- **What the task requires**: Would you restate the listing word for word, with the images omitted?

- **Provided material**:
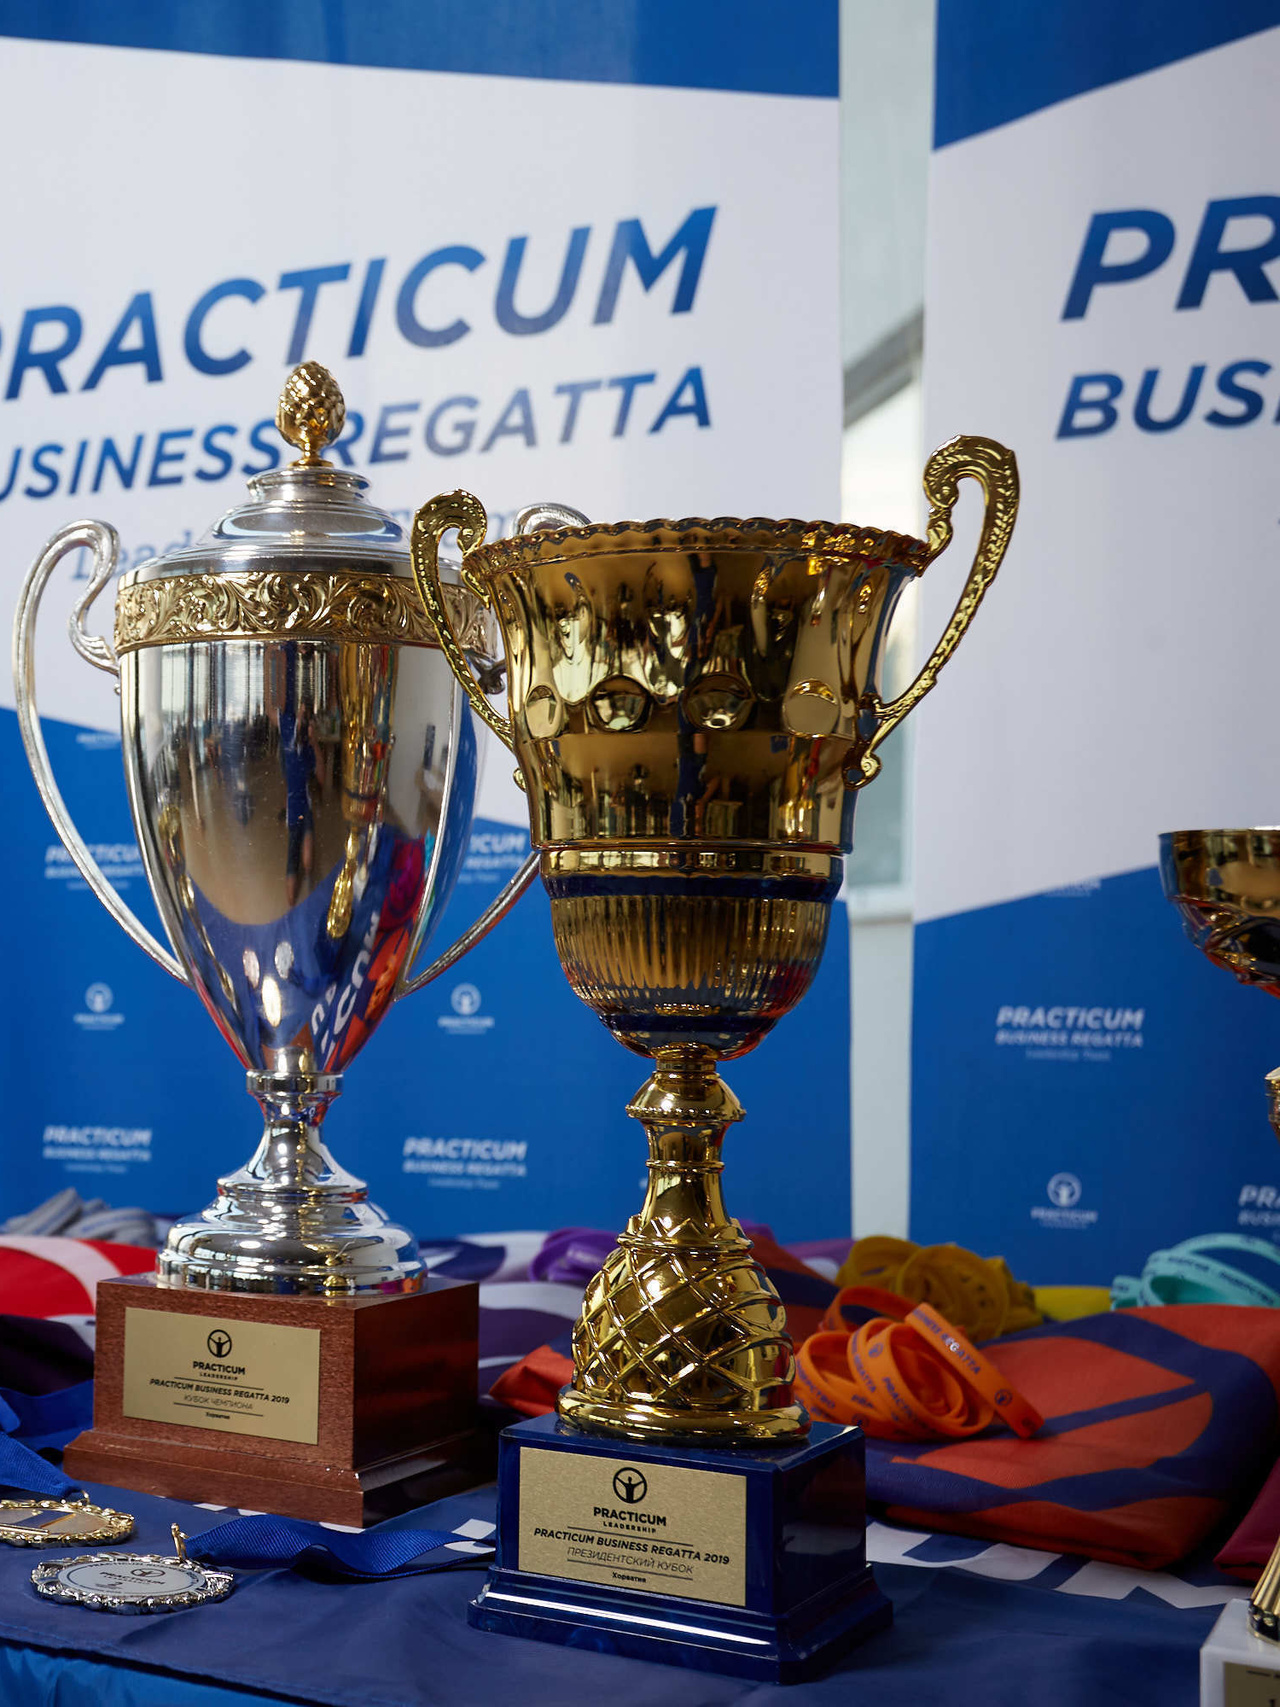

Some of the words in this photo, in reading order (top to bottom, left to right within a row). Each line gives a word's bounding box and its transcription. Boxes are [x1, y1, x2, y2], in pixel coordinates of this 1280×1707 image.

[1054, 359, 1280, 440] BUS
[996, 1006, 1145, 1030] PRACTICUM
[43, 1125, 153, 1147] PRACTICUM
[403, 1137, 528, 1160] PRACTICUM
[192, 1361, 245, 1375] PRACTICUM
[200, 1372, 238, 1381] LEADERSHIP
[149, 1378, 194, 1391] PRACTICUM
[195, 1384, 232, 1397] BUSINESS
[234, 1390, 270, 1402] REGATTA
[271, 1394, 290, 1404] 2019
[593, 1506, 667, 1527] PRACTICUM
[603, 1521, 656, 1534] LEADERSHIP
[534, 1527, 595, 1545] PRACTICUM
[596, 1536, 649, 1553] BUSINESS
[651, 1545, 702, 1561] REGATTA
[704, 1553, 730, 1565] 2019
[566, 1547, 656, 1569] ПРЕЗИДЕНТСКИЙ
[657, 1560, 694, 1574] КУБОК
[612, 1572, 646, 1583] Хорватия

- **Task result**:
Some of the words in this photo, in reading order (top to bottom, left to right within a row). Each line gives a word's bounding box and its transcription. Boxes are [x1, y1, x2, y2], in pixel coordinates of this 1280×1707 image.

[1054, 359, 1280, 440] BUS
[996, 1006, 1145, 1030] PRACTICUM
[43, 1125, 153, 1147] PRACTICUM
[403, 1137, 528, 1160] PRACTICUM
[192, 1361, 245, 1375] PRACTICUM
[200, 1372, 238, 1381] LEADERSHIP
[149, 1378, 194, 1391] PRACTICUM
[195, 1384, 232, 1397] BUSINESS
[234, 1390, 270, 1402] REGATTA
[271, 1394, 290, 1404] 2019
[593, 1506, 667, 1527] PRACTICUM
[603, 1521, 656, 1534] LEADERSHIP
[534, 1527, 595, 1545] PRACTICUM
[596, 1536, 649, 1553] BUSINESS
[651, 1545, 702, 1561] REGATTA
[704, 1553, 730, 1565] 2019
[566, 1547, 656, 1569] ПРЕЗИДЕНТСКИЙ
[657, 1560, 694, 1574] КУБОК
[612, 1572, 646, 1583] Хорватия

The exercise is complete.